Plaintiffs and Navar subsequently met with the Government to discuss their proposal, which was mostly prepared using plaintiffs’ content. Navar won a five-year award for $55 million, but Navar and plaintiffs could not agree over the division of work. Navar did not extend subcontracts to either plaintiff. Plaintiffs then sued alleging breach of the teaming agreement, breach of the NDA and the theft of trade secrets by Navar. At trial, both plaintiffs presented evidence of their profit margins, but neither presented evidence of misappropriation or misuse by Navar of either plaintiff’s confidential information in violation of the NDA.
A jury found the prime contractor liable for $1.25 million.

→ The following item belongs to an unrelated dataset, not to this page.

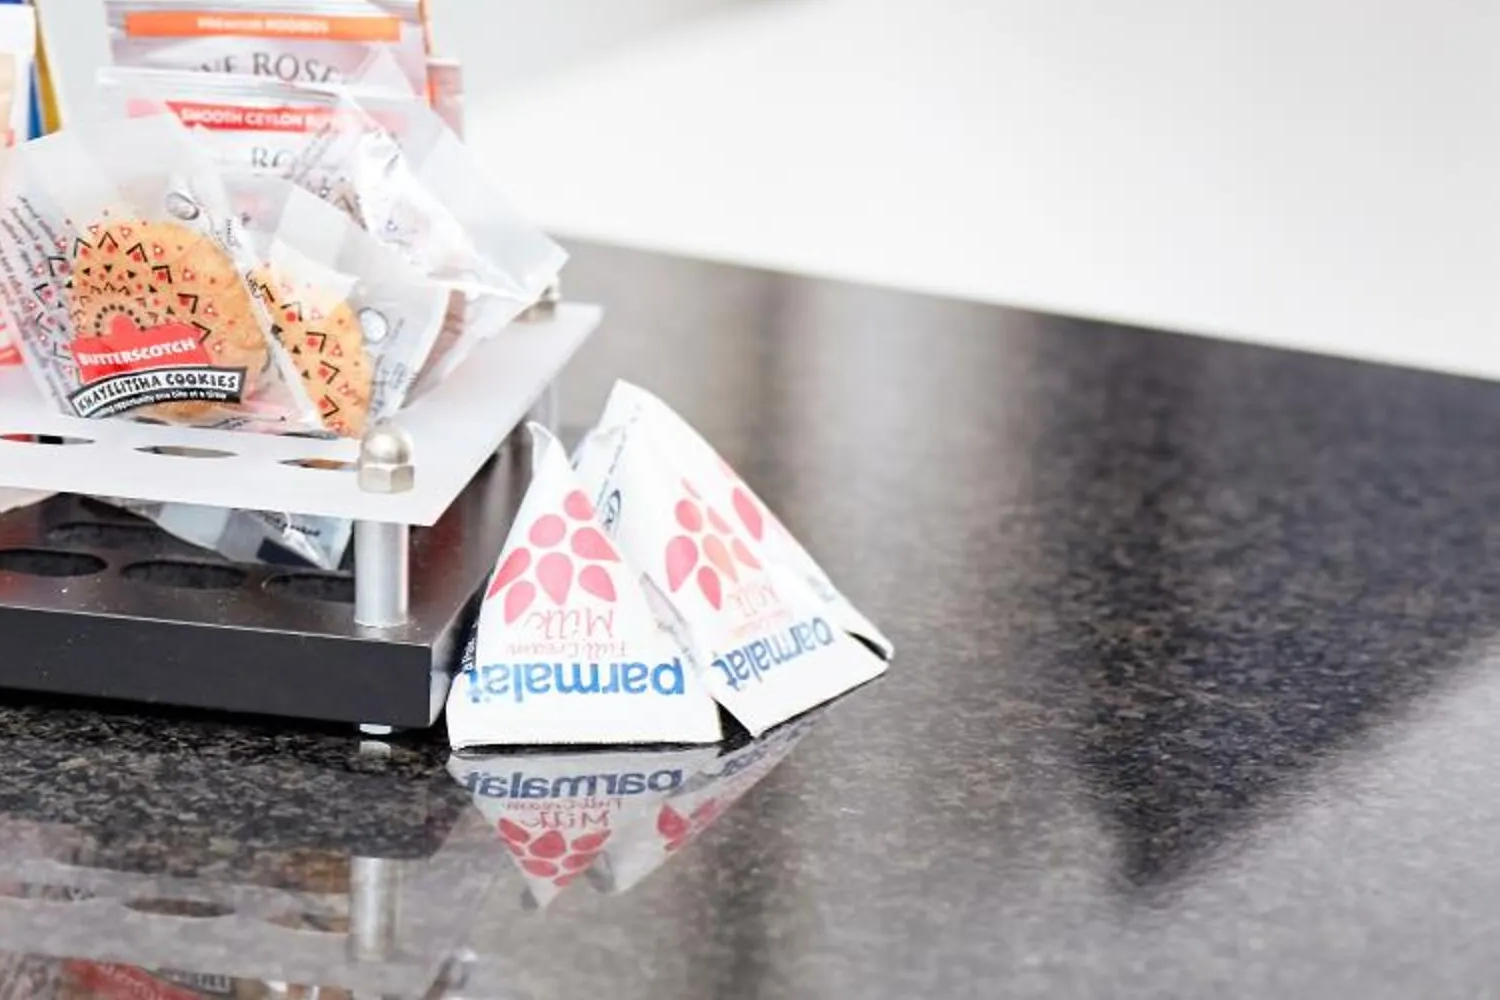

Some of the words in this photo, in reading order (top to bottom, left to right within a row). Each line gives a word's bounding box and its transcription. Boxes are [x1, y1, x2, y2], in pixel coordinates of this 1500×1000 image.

The Virginia Supreme Court found no liability by the prime contractor and reversed the jury verdict. As for the teaming agreement, the court found the teaming agreement to be an unenforceable agreement to agree: “the Teaming Agreement does not contain a sum, or any reasonable certain method for determining a sum, or any requirement that Plaintiffs and Navar mutually agreed that Plaintiffs would be the actual subcontractors hired by Navar once the prime contract was awarded.” The court also found no breach of the NDA as there was no misuse of the confidential information shown: the presentation to the Government was an authorized use of this information by Navar and there was no other use demonstrated.
Takeaways
These cases teach the need for clients to be as specific as reasonably possible in their prime/subcontractor teaming agreements by avoiding vague “agreements to agree” language and including, where possible, a complete subcontract that triggers automatically upon award of the federal contract to the prime. The Navar case cautions that parties should tie an NDA to a specific government opportunity to make the NDA enforceable. If a lawsuit is needed to enforce the NDA, the plaintiff must specify the confidential information wrongfully used and the damages caused thereby. Parties must weigh all of these considerations against the cost of preparing documents for a federal proposal the team may not win.
[1] Parties to a lawsuit can seek emergency relief in the form of a “preliminary injunction,” which is an extraordinary remedy designed to prevent imminent and irreparable harm, either by preserving the status quo until trial or requiring the non-movant to perform a particular act intended to prevent such harm. Seeking specific performance – as A-T did – carries a higher burden because the order would require a change in the status quo. In this case, A-T sought to enforce the teaming arrangement and require R3 to participate in the response to the Government’s RFP.